[What needs to be done] Repeat all the data word for word.

(Data excerpts)
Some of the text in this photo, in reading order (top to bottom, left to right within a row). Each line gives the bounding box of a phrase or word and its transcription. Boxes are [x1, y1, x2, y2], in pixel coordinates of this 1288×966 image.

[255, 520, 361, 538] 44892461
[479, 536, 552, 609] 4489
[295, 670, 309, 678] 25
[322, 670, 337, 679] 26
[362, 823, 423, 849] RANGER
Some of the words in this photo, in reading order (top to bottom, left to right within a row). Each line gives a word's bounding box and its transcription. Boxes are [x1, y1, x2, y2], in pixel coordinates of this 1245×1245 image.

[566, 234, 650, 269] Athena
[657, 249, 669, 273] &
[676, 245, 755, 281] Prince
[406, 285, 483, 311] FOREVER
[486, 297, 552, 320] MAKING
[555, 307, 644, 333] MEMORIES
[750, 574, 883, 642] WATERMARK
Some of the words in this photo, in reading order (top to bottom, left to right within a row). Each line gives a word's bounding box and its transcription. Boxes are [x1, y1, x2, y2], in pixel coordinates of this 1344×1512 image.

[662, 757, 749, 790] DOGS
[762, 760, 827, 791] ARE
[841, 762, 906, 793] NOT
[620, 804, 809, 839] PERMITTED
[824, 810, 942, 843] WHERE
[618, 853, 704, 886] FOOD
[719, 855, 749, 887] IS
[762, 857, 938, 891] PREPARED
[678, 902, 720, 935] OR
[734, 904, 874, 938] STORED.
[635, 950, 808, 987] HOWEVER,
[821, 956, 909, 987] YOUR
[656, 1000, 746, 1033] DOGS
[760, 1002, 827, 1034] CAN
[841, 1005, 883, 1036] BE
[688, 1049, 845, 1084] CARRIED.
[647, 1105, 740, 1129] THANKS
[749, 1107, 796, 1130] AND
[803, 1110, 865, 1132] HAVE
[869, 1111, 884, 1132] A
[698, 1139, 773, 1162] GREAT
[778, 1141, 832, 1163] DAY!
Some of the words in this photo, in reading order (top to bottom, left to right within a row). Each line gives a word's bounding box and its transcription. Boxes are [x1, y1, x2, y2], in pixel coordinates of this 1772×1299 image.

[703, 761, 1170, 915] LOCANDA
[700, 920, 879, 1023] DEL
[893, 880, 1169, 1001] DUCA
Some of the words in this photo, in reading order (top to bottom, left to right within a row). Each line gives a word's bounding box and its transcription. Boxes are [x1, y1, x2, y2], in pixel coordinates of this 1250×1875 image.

[Written reply]
Some of the text in this photo, in reading order (top to bottom, left to right within a row). Each line gives the bounding box of a phrase or word and its transcription. Boxes are [x1, y1, x2, y2], in pixel coordinates of this 1288×966 image.

[255, 520, 361, 538] 44892461
[479, 536, 552, 609] 4489
[295, 670, 309, 678] 25
[322, 670, 337, 679] 26
[362, 823, 423, 849] RANGER
Some of the words in this photo, in reading order (top to bottom, left to right within a row). Each line gives a word's bounding box and its transcription. Boxes are [x1, y1, x2, y2], in pixel coordinates of this 1245×1245 image.

[566, 234, 650, 269] Athena
[657, 249, 669, 273] &
[676, 245, 755, 281] Prince
[406, 285, 483, 311] FOREVER
[486, 297, 552, 320] MAKING
[555, 307, 644, 333] MEMORIES
[750, 574, 883, 642] WATERMARK
Some of the words in this photo, in reading order (top to bottom, left to right within a row). Each line gives a word's bounding box and its transcription. Boxes are [x1, y1, x2, y2], in pixel coordinates of this 1344×1512 image.

[662, 757, 749, 790] DOGS
[762, 760, 827, 791] ARE
[841, 762, 906, 793] NOT
[620, 804, 809, 839] PERMITTED
[824, 810, 942, 843] WHERE
[618, 853, 704, 886] FOOD
[719, 855, 749, 887] IS
[762, 857, 938, 891] PREPARED
[678, 902, 720, 935] OR
[734, 904, 874, 938] STORED.
[635, 950, 808, 987] HOWEVER,
[821, 956, 909, 987] YOUR
[656, 1000, 746, 1033] DOGS
[760, 1002, 827, 1034] CAN
[841, 1005, 883, 1036] BE
[688, 1049, 845, 1084] CARRIED.
[647, 1105, 740, 1129] THANKS
[749, 1107, 796, 1130] AND
[803, 1110, 865, 1132] HAVE
[869, 1111, 884, 1132] A
[698, 1139, 773, 1162] GREAT
[778, 1141, 832, 1163] DAY!
Some of the words in this photo, in reading order (top to bottom, left to right within a row). Each line gives a word's bounding box and its transcription. Boxes are [x1, y1, x2, y2], in pixel coordinates of this 1772×1299 image.

[703, 761, 1170, 915] LOCANDA
[700, 920, 879, 1023] DEL
[893, 880, 1169, 1001] DUCA
Some of the words in this photo, in reading order (top to bottom, left to right within a row). Each line gives a word's bounding box and its transcription. Boxes are [x1, y1, x2, y2], in pixel coordinates of this 1250×1875 image.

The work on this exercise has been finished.